STRNet + TTA structure.
Integrating TTA with STRNet not only enhances the model’s performance without requiring retraining but also minimizes bias by analyzing multiple augmented versions of the same image during inference. This method improves the deep learning model’s accuracy and generalizability. By implementing various augmentations at test time and combining the outcomes, TTA functions in a manner akin to an ensemble method, ensuring prompt and accurate damage assessment essential for effective SHM. 28 The details of STRNet and TTA are elaborated upon in subsequent sections.
The semantic transformer representation network
The architecture of STRNet is specifically designed for crack segmentation, featuring an attention-based encoder and a multi-head attention-based decoder incorporated within the STR module, which is configured in three different ways and repeated irregularly 11 times.
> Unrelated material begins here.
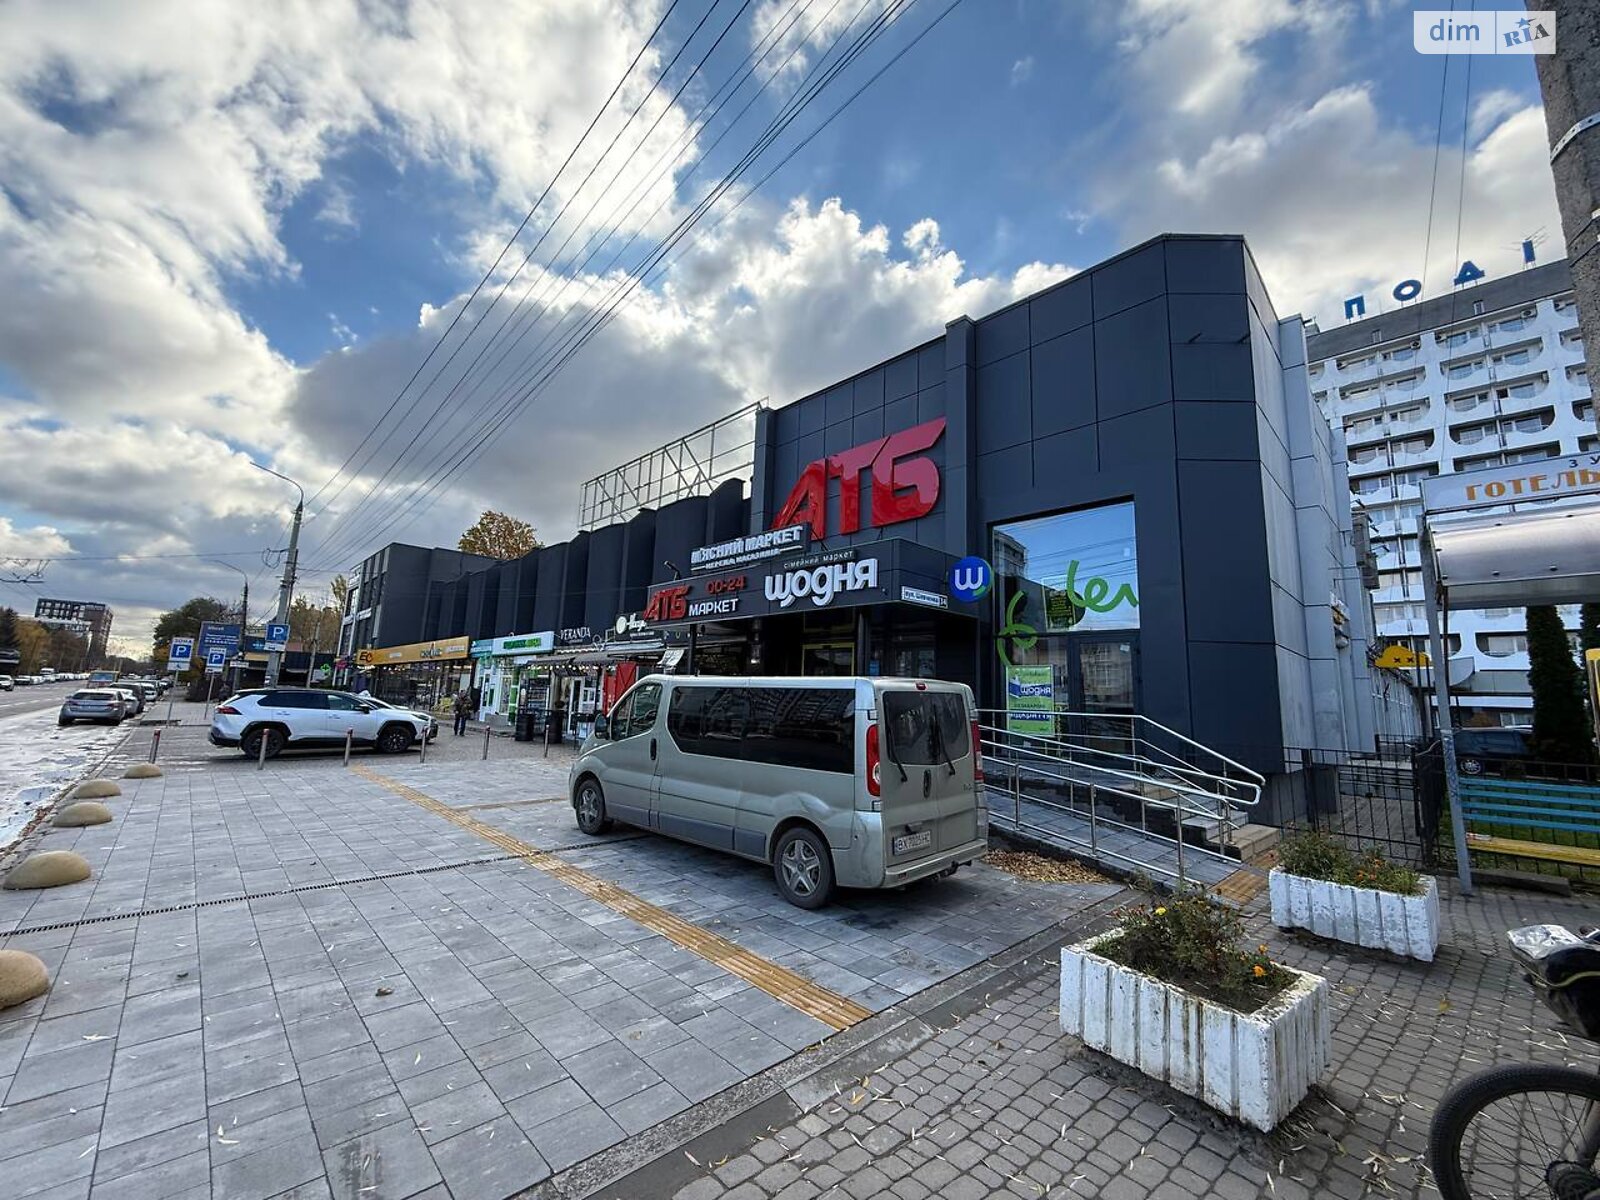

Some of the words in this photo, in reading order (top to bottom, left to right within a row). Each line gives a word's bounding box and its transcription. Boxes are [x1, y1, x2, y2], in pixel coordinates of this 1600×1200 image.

[771, 416, 947, 541] АТБ
[745, 525, 803, 552] МАРКЕТ
[643, 584, 690, 621] АТБ
[688, 598, 739, 617] МАРКЕТ
The inclusion of coarse up-sampling, a focal-Tversky loss function, and a learnable swish activation function simplifies the network's design without compromising its rapid processing capabilities. Figure 4 depicts the complete STRNet architecture, starting with the input images being processed initially in the first convolution block.
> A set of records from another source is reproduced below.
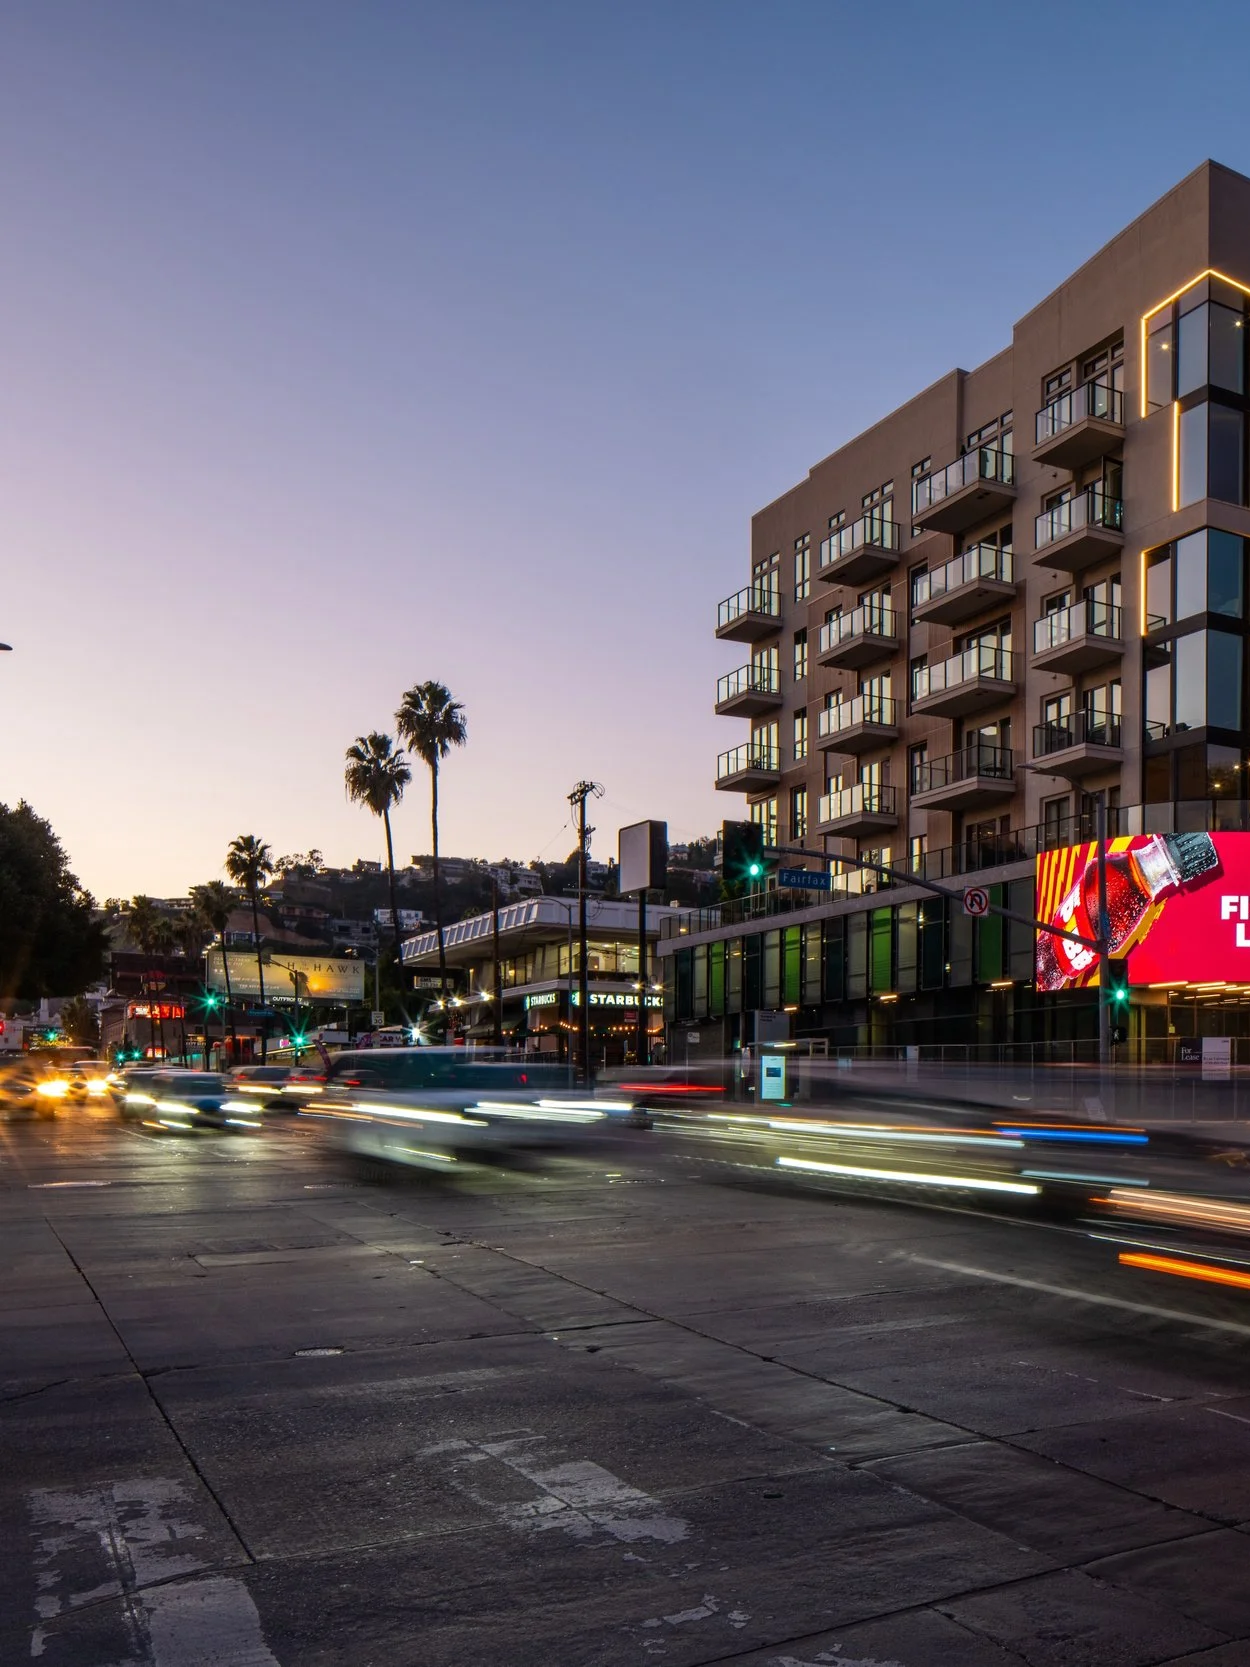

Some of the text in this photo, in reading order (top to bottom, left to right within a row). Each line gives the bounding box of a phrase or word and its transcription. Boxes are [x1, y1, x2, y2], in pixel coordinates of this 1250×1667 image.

[783, 872, 826, 886] Fairfax
[530, 994, 556, 1006] STARBUCKS
[589, 994, 663, 1007] STARBCK
[1181, 1046, 1192, 1054] For
[1181, 1052, 1200, 1061] Lease
The STRNet architecture. 21
This block integrates convolution with the Hswish activation function 48 and batch normalization (BN). 49 The feature map produced by this convolutional block is then fed into the STR module, a process that repeats 11 times. After passing through the STR module, the output undergoes max pooling and is then input into the attention decoder. Utilizing skipped connections to retain multi-dimensional features, this decoder processes the data in two iterations. It then performs two types of up-sampling, utilizing both standard and coarse up-sampling techniques to return the data to the input image’s original dimensions. The standard up-sampling step is repeated twice, reactivating the skipped connections.
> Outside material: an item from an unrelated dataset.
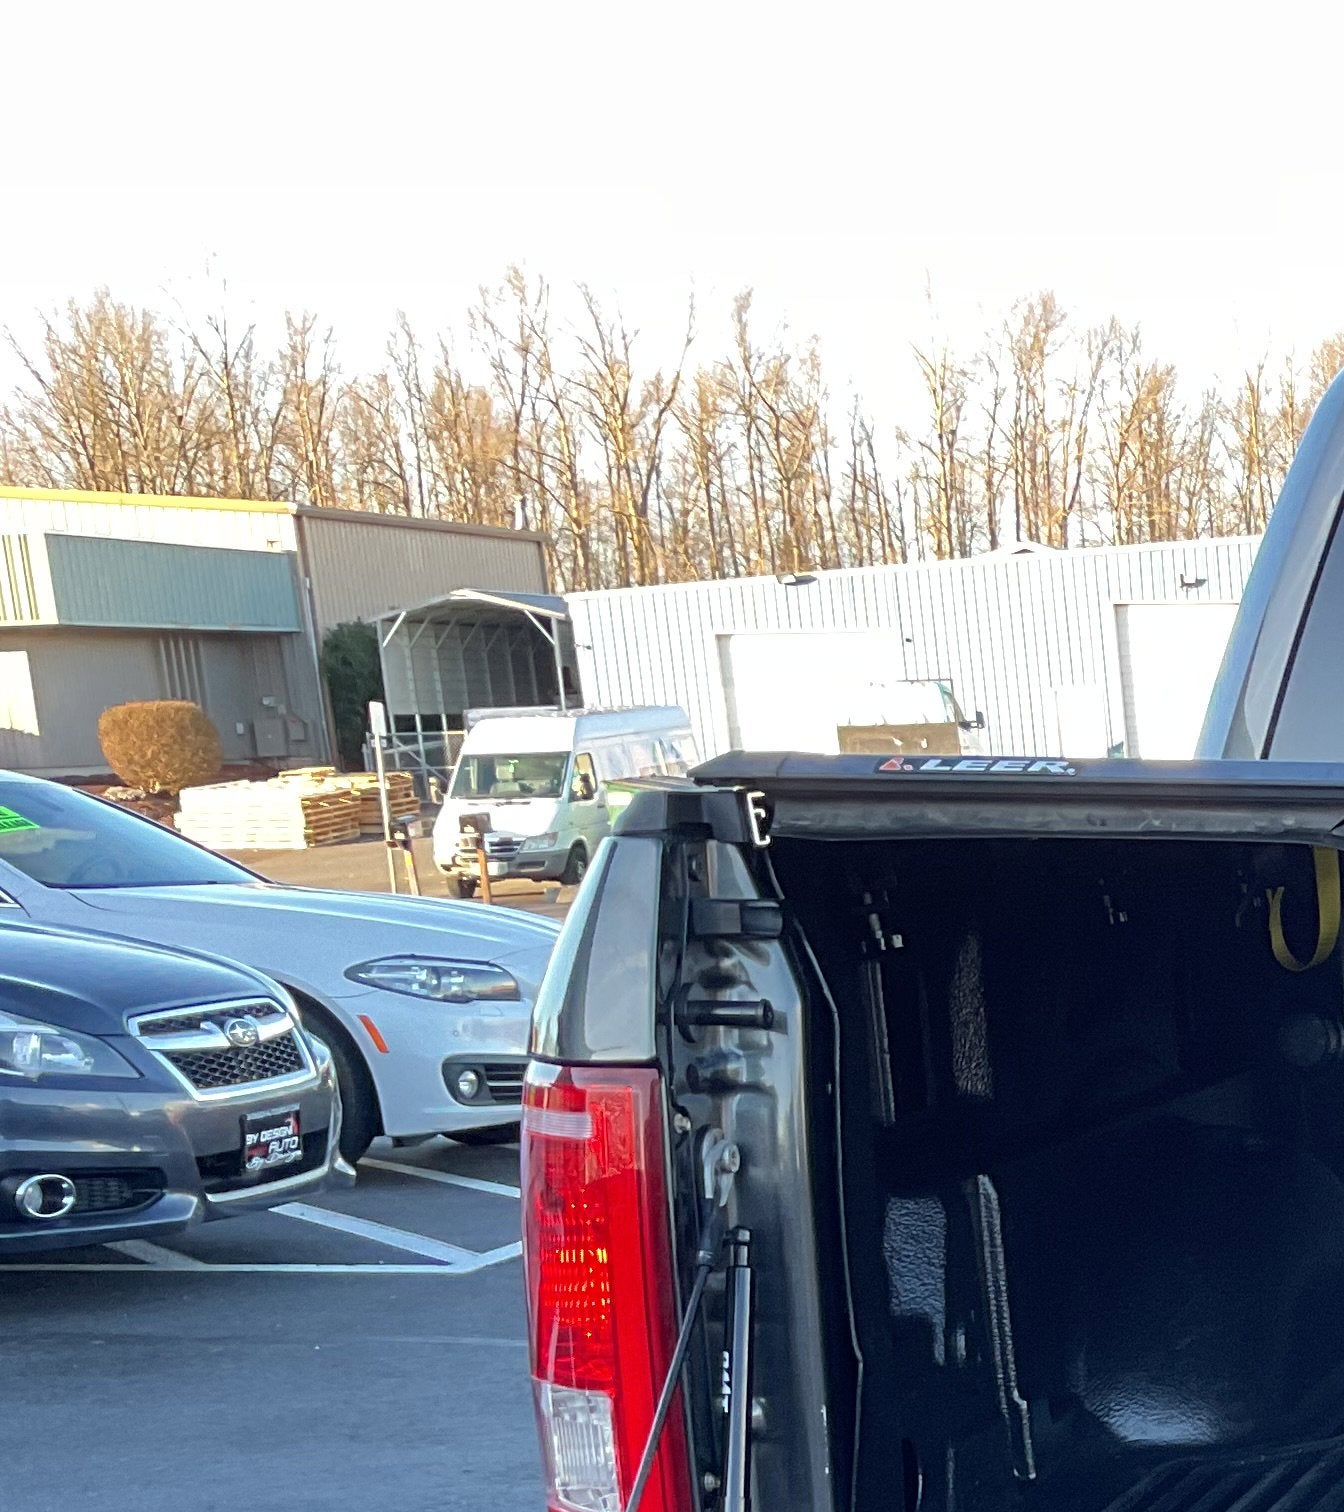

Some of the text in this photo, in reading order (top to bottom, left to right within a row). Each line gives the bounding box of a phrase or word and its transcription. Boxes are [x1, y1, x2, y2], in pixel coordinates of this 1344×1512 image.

In the final step, the outputs from the up-sampling block, the initial convolution block, and the coarse up-sampling block are combined. This combined output is then subjected to pointwise convolution (PW). This convolution step yields the final output, enabling precise pixel-level segmentation of cracks. More details can be found in Kang and Cha. 21
NeRF for 3D reconstruction
The motivation for employing 3D reconstruction in our research stems from its capability to provide more intuitive visualizations, precise localization, and quantification of damage compared to traditional 2D methods. Additionally, 3D reconstructions can be exported as mesh OBJ files, which are beneficial for various downstream applications within the digital twin framework, such as 3D simulation and finite element analysis (FEA).
The original NeRF model, developed by Mildenhall et al., 41 synthesizes 3D models from 2D images by creating a scene with continuous volumetric functions encoded into a deep neural network. This network is comprised of a deep neural network (DNN) with fully connected layers. In the NeRF model, each point in space is assigned a density value that indicates its level of transparency or opacity and includes a view-dependent color that changes based on the viewing angle and distance. This deep neural network learns the RGB values and opacity of each pixel from the collected 2D image data through the training process. As a result, a well-trained NeRF model can generate highly detailed and photorealistic renderings from new viewpoints.
However, the original NeRF model exhibits certain limitations in terms of computational efficiency, memory usage, training speed, and rendering quality under different lighting conditions. To address these limitations, NeRF technology has evolved to include several specialized models, each designed to tackle specific challenges and enhance aspects of 3D reconstruction. For example, Mip-NeRF 360 50 utilized a proposal sampling method that iteratively refines 3D sample points to focus on areas with higher scene content, improving sampling efficiency. Instant-NGP 51 enhances training speed and computational efficiency through hash multi-resolution encoding. Another model, Ref-NeRF, 52 employs spherical harmonic encoding to efficiently capture directional information and realistically render complex lighting environments. Moreover, NeRF-W 53 introduces appearance embeddings to handle variations in training data conditions, such as different lighting setups. In this paper, we adopt the Nerfacto model, 45 which combines elements of Instant-NGP, Ref-NeRF, and NeRF-W. This integration enables the Nerfacto model to strike a balance between rapid training times and high-quality outputs.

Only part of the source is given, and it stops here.